**Data in this exercise:**
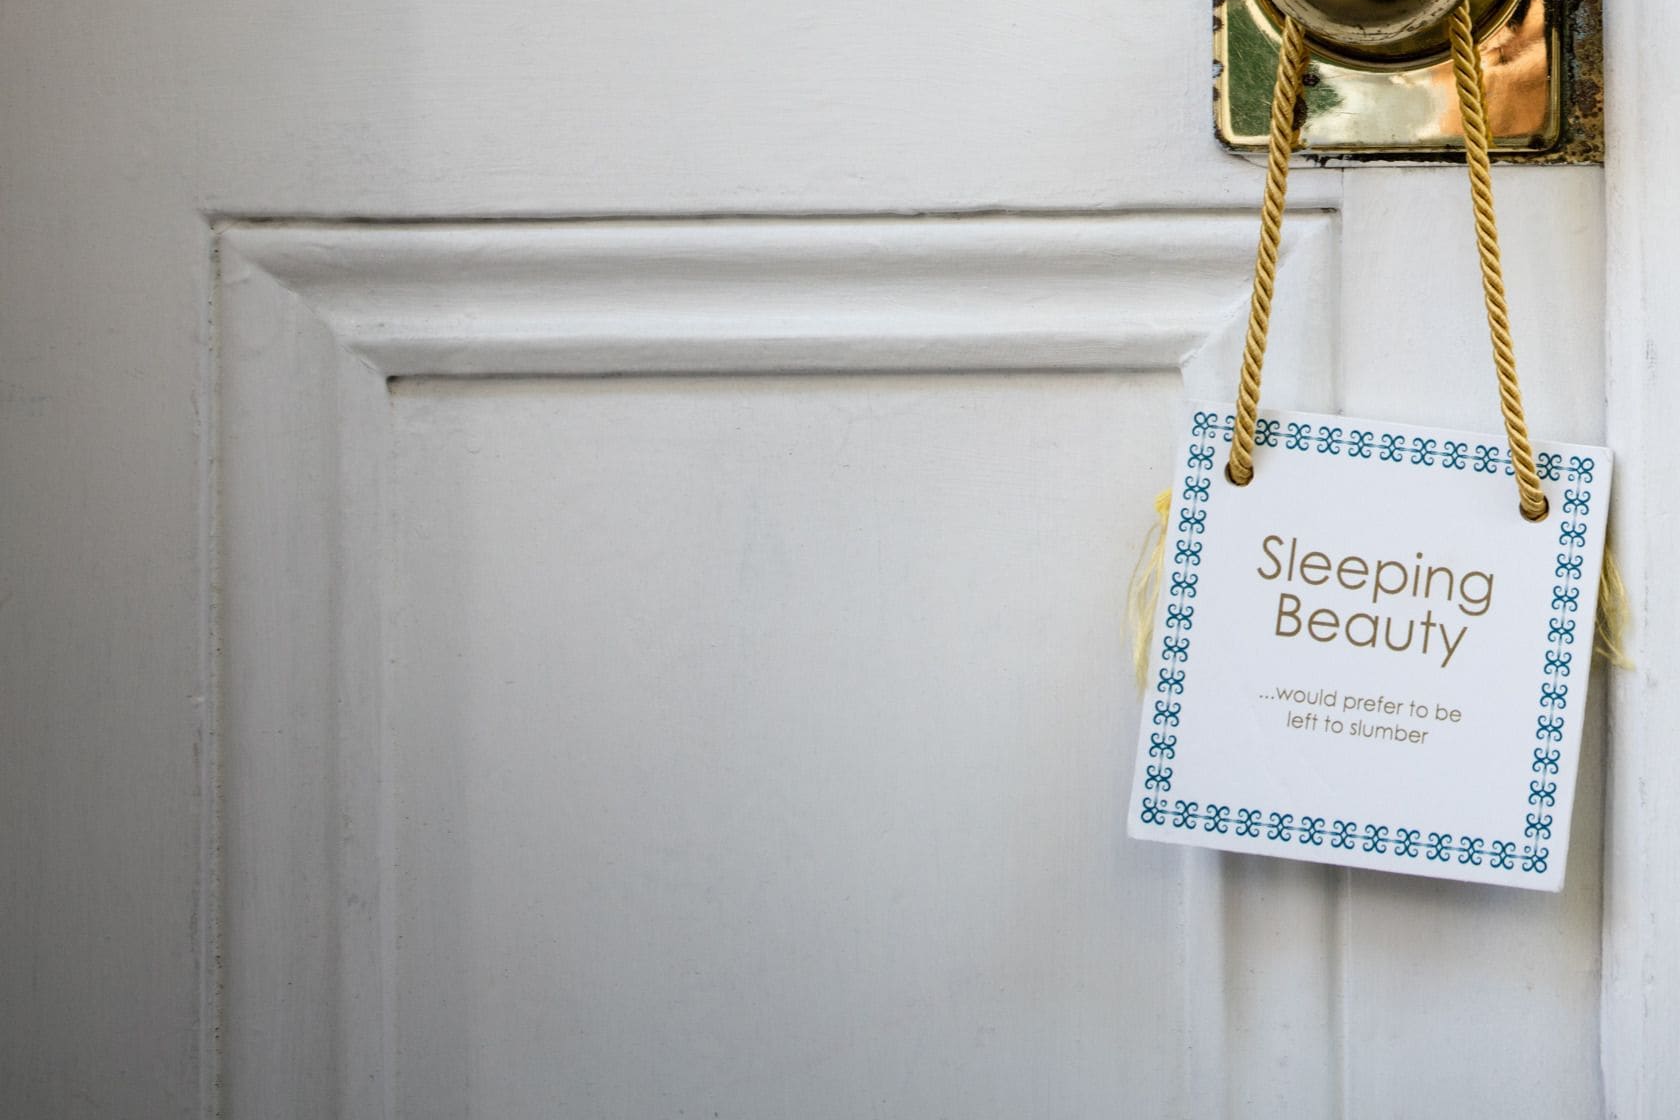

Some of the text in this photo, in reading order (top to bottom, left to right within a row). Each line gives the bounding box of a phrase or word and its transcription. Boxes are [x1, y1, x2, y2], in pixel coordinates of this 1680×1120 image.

[1256, 534, 1495, 617] Sleeping
[1274, 592, 1469, 669] Beauty
[1258, 686, 1463, 723] ...would prefer to be
[1286, 711, 1429, 745] left to slumber

**Brief:**
Write out the data in full and exactly as given, though without the images.

**Task answer:**
Some of the text in this photo, in reading order (top to bottom, left to right within a row). Each line gives the bounding box of a phrase or word and its transcription. Boxes are [x1, y1, x2, y2], in pixel coordinates of this 1680×1120 image.

[1256, 534, 1495, 617] Sleeping
[1274, 592, 1469, 669] Beauty
[1258, 686, 1463, 723] ...would prefer to be
[1286, 711, 1429, 745] left to slumber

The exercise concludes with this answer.